«Il giardino del cielo»

 

                                 Micaela Soranzo, arquitecta de Perugia, experta en iconografía de culto y liturgia católica, autora de varios libros sobre Jesús, María, las parábolas o los milagros, acaba de editar este  libro, de curioso título, inspirada en el Himmelsgarten (jardín de cielo) de la iglesia de San Miguel, en el Michaelsberg, antigua fortaleza benedictina en la ciudad alemana de Bamberg, hoy residencia de ancianos, decorada con un impresionante herbario de más de seiscientas especies de flores, frutas, arbustos y hierbas aromáticas, vinculadas ala tradición bíblica y espiritual.

La atención de Soranzo se centra en las flores de las iglesias, su origen y su reparto por lugares y tiempos  litúrgicos, significados y fiestas.

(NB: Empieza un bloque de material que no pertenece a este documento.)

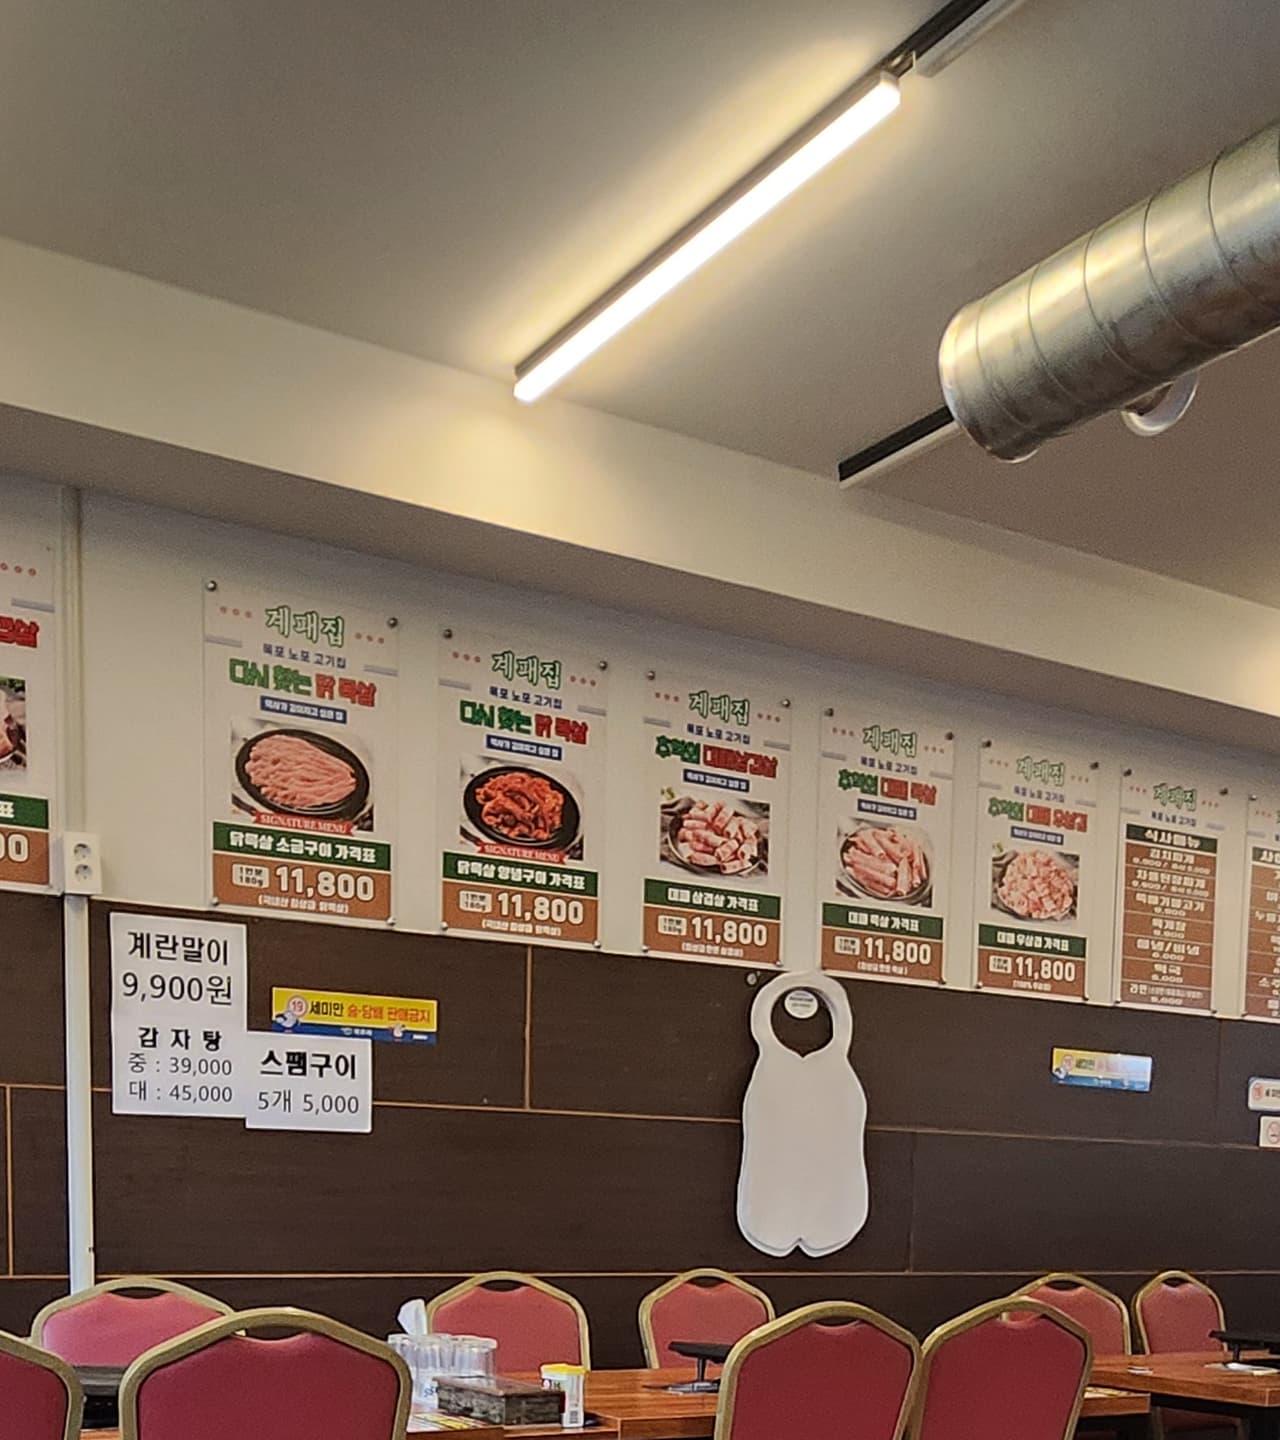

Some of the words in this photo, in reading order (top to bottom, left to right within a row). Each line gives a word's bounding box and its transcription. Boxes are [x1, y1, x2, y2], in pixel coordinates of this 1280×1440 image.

Comienza por Egipto, Grecia y Roma, por los etruscos con la tumba de la flor de loto en Tarquinia, símbolo de la resurrección y de la eternidad. La epifanía floral cristiana comienza en las catacumbas, cuyos frescos a veces se abren a jardines edénicos que evocan el paraíso, término bíblico de origen persa, que quiere decir jardín de flores. Después vienen los mosaicos bizantinos y de Rávena, antes de llegar al románico y gótico: ¡La catedral de Reims cuenta con 300 especies de plantas diferentes!

Le sigue el Renacimiento, con sus árboles, guirnaldas, coronas floridas, columnas víticas…, y a este el Barroco con sus jardines celestiales, hasta llegar a nuestros días, para introducirnos en la interacción espiritual entre las composiciones florales y la liturgia, aspecto tan descuidado en tantos sitios hasta hoy por los discípulos de aquel Jesús de Nazaret, que hablaba de higueras, viñedos, mostazas y lirios.